オマーン2番手の銀行バンクドファール リップルネットで決済スタート インドの国際送金市場狙う

中東オマーンで2番目に大きな銀行であるBankDhofar(バンクドファール)が、インドへの国際送金のためリップルの決済ネットワークであるリップルネットを使い始めた。リップル社の南アジアとMENA(中東・北アフリカ)担当者のツイートから明らかになった。

バンクドファールは、リップルネットを使うオマーン初の銀行。リップルネットの技術により、クロスボーダー(国をまたいだ)送金を「2分未満」で提供できるという。オマーンにいる非居住者のインド人がリアルタイムの支払いができるようになるそうだ。

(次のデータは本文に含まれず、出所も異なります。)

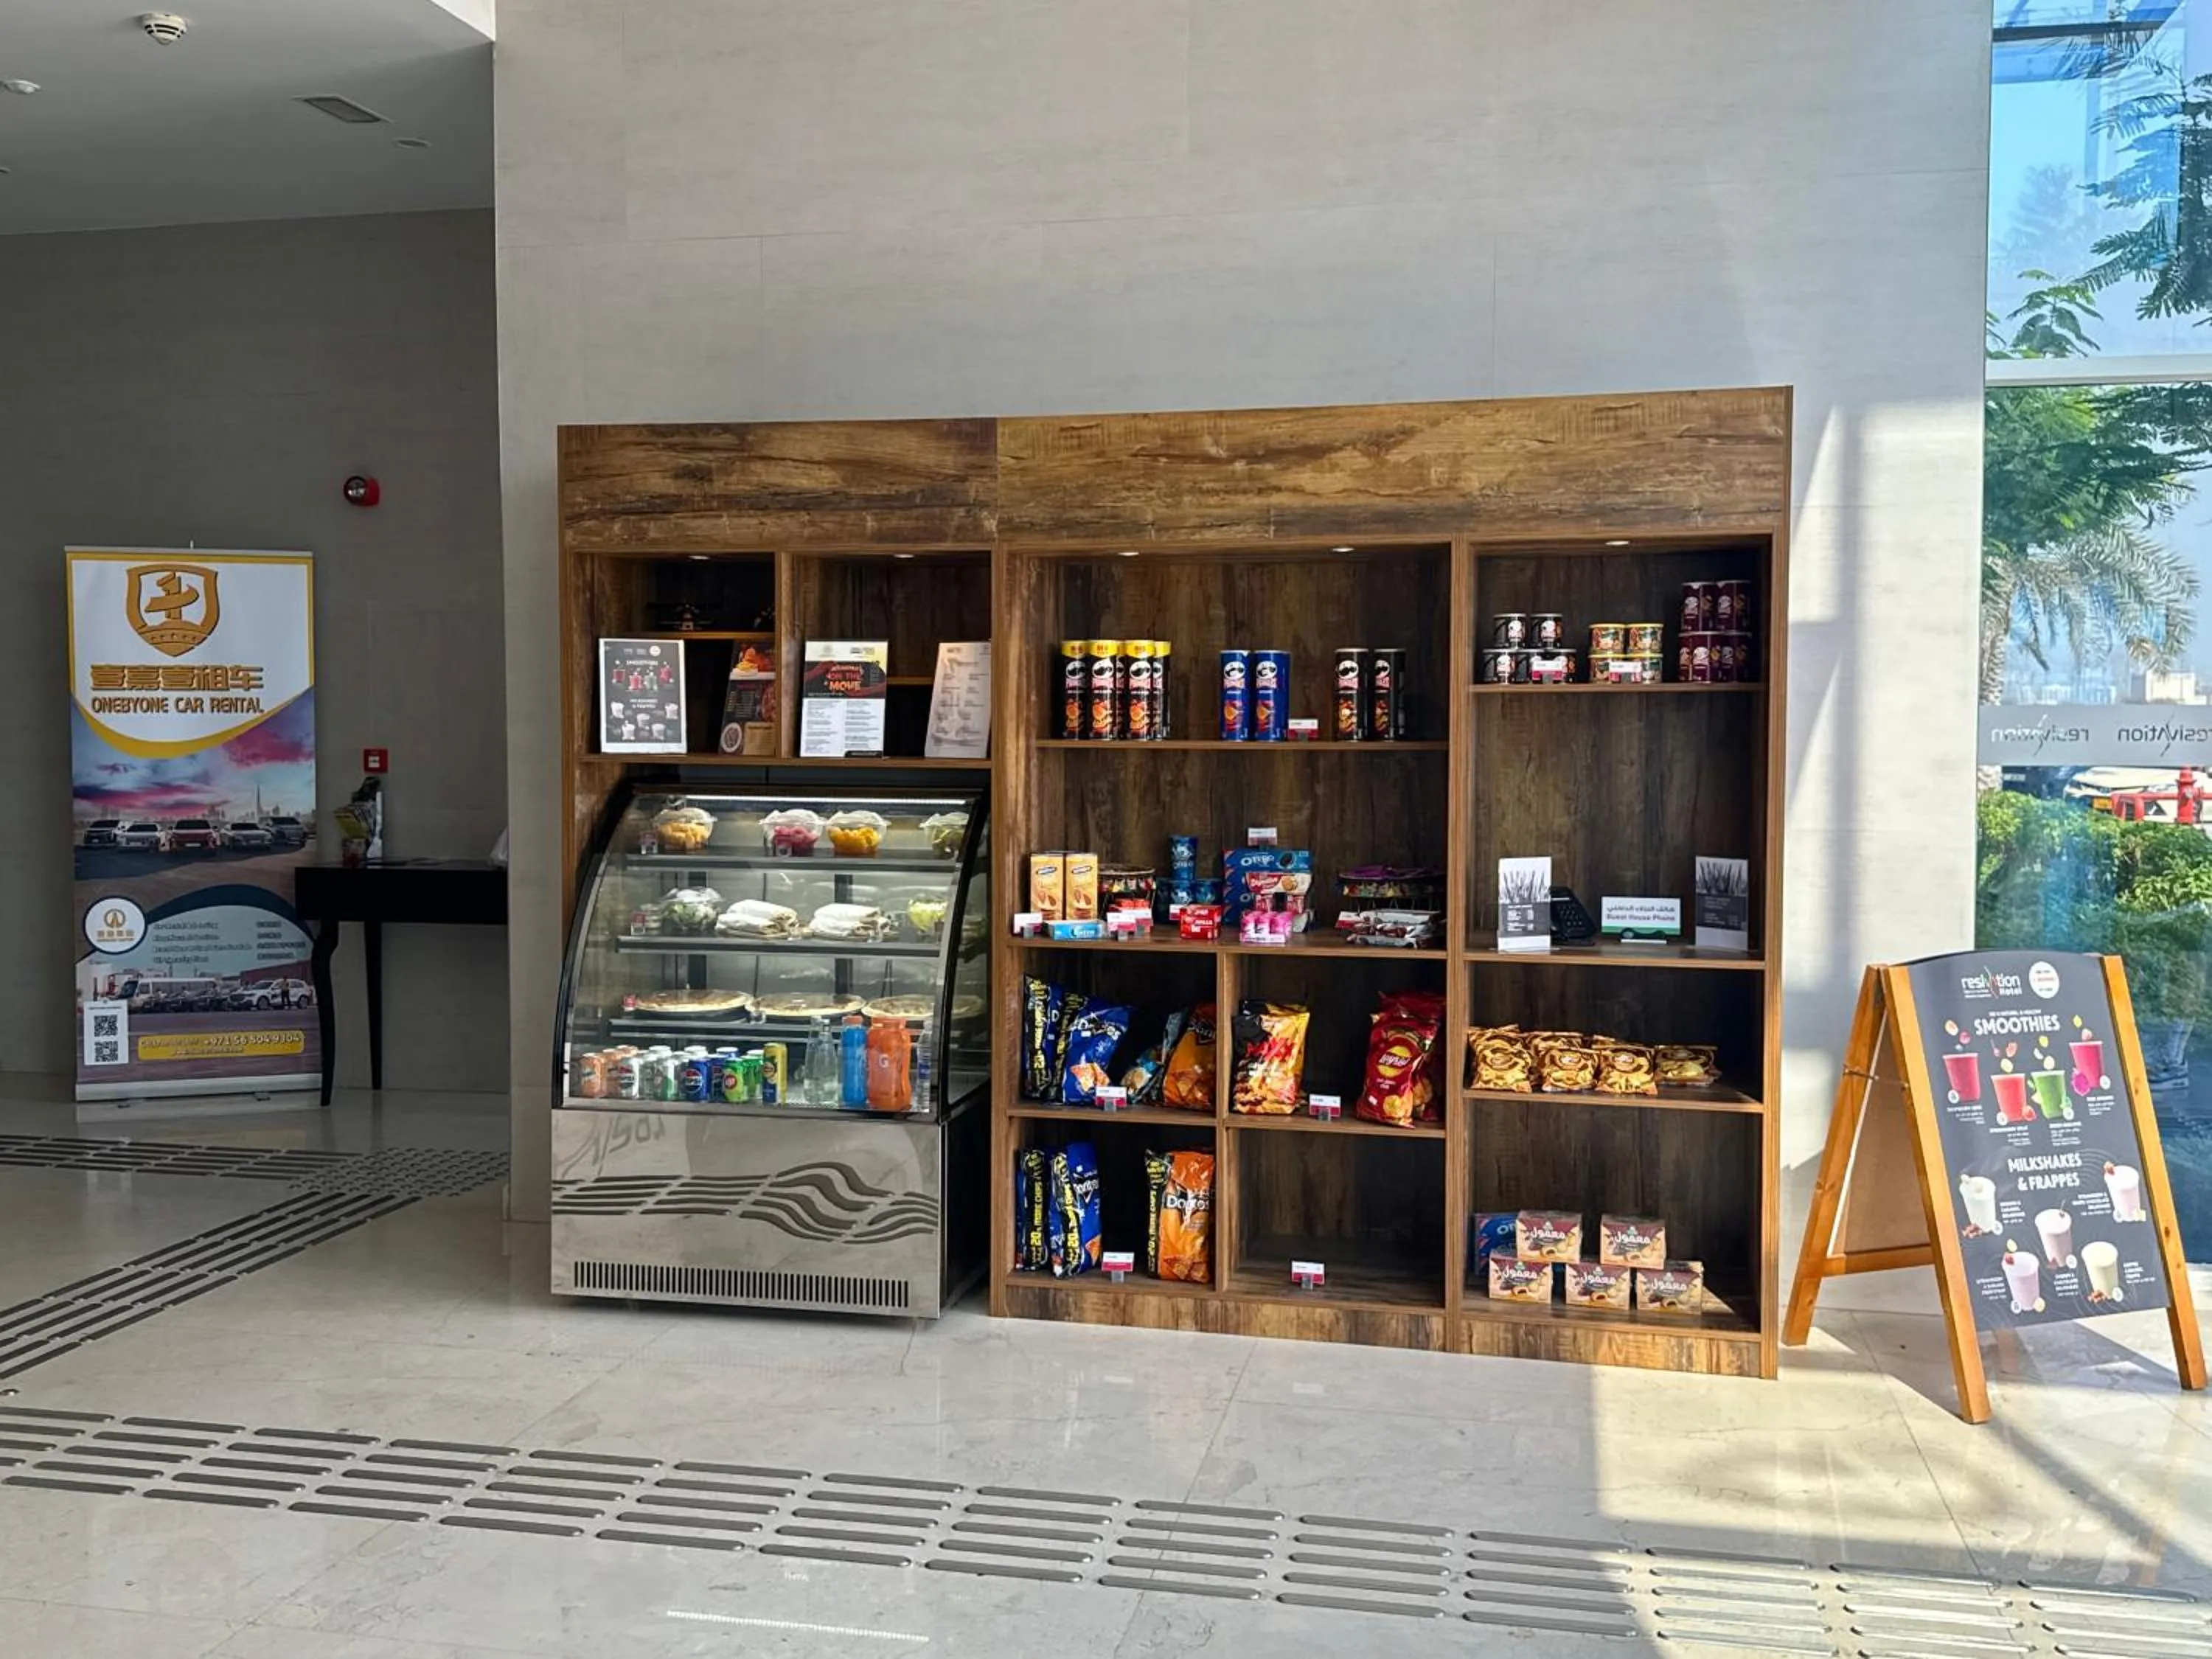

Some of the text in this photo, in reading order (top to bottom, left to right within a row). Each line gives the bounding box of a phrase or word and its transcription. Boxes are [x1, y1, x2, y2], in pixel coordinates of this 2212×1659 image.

バンクドファールは昨年5月、リップルネットへの参画を発表。その際、仮想通貨XRPの使用が義務となるxRapidを使うかどうかは明らかにしていなかった。 

リップルネットに参画する企業は世界で増加している。

今月10日、中東の送金サービス企業UAEエクスチェンジとUnimoniを持つFinablr(フィナブラー)社が、リップルネットを使ってタイでサービスを開始すると発表。また昨年末には、クウェート国立銀行(NBK)が、リップルネットのブロックチェーン技術を基盤にしたクロスボーダーの送金サービスを立ち上げたことが明らかになった

今年1月時点で、リップルネットに参加する金融機関は200社を超えている。

リップル社は、現在、国際送金の大手SWIFT(国際銀行間通信協会)を追い抜くことを目指している。

SWIFTは、現在世界200カ国に1万1000社以上の提携金融機関にサービスを提供。ただ送金にかかる時間が数日と遅く手数料が高いことが問題となっていおり、代替手段として送金完了まで数秒でコストも安いリップルに注目が集まっている。